As anger mounts about the global economic meltdown, Barack Obama and other leaders are promising a war on offshore tax avoidance. But as this investigation into Swiss bank Julius Baer reveals, it will be a huge challenge.

What follows is a description of the artificial structures banks pout in place in an effort to justify the relocation of their profits to places like Cayman. It's well worth reading. It all seems entirely plausible.

So too are the comments. The first says:

Don't they have enough to sort out without going after this lot, if you keep destroying the money makers, pretty soon nobody is going to be making anything. Joe public will not see a drop in our tax rates, so its just more money for the government to fritter away. Let the off shore boys keep it, it does then arrive in the economy somewhere and not direct to a CService pension fund

- Jon, Wiltshire

That's full on Daily Mail prejudice for you. But it's wrong. The second says:

Jon

Offshore makes nothing: let's be clear about that. What it does is free-ride on those who do make real money - here in the UK, and in other major economies. What it does is let those with resources not pay the tax they rightly owe in the places where they really make their money, so undermining the rule of law, undermining democracy by denying resources to democratically elected governments to fulfil their mandate, undermining the regulation that protects us all from abuse, and in the process promoting secrecy that allows corruption to flourish.
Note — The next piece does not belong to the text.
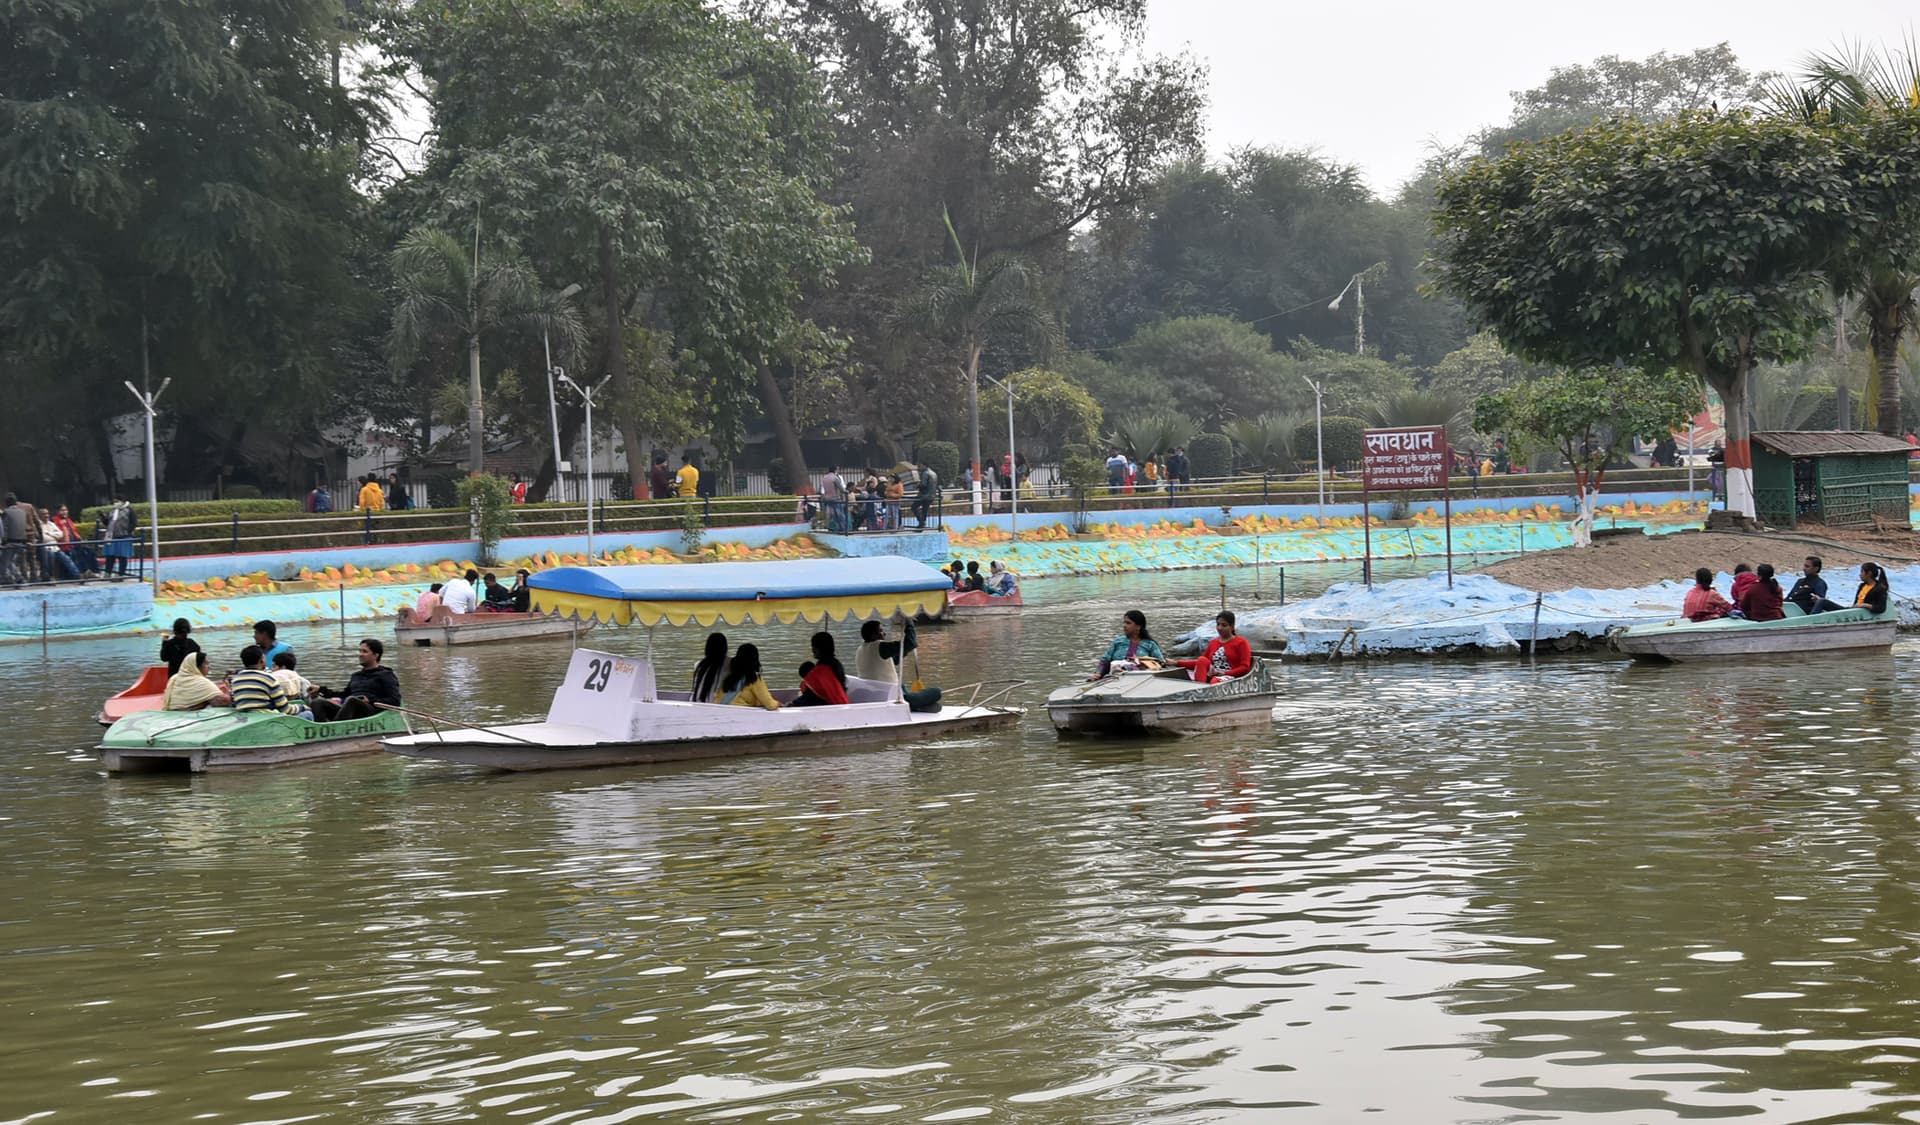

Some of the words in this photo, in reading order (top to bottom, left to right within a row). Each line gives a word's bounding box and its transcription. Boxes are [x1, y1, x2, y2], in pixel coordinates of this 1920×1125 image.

[1365, 431, 1435, 454] सावधान
[583, 658, 613, 693] 29
[303, 718, 386, 739] DOLPHIN
But Lucy is wrong to be pessimistic: if we work on a case by case basis offshore will be hard to crack. That is why the real option is sanctions: hard economic sanctions to stop the economic warfare that these places wage on our state. And to stop these places providing 'the get out of regulation free' card that our banks are using.

Richard Murphy

Congratulations to Lucy for getting this out; it's another useful case study.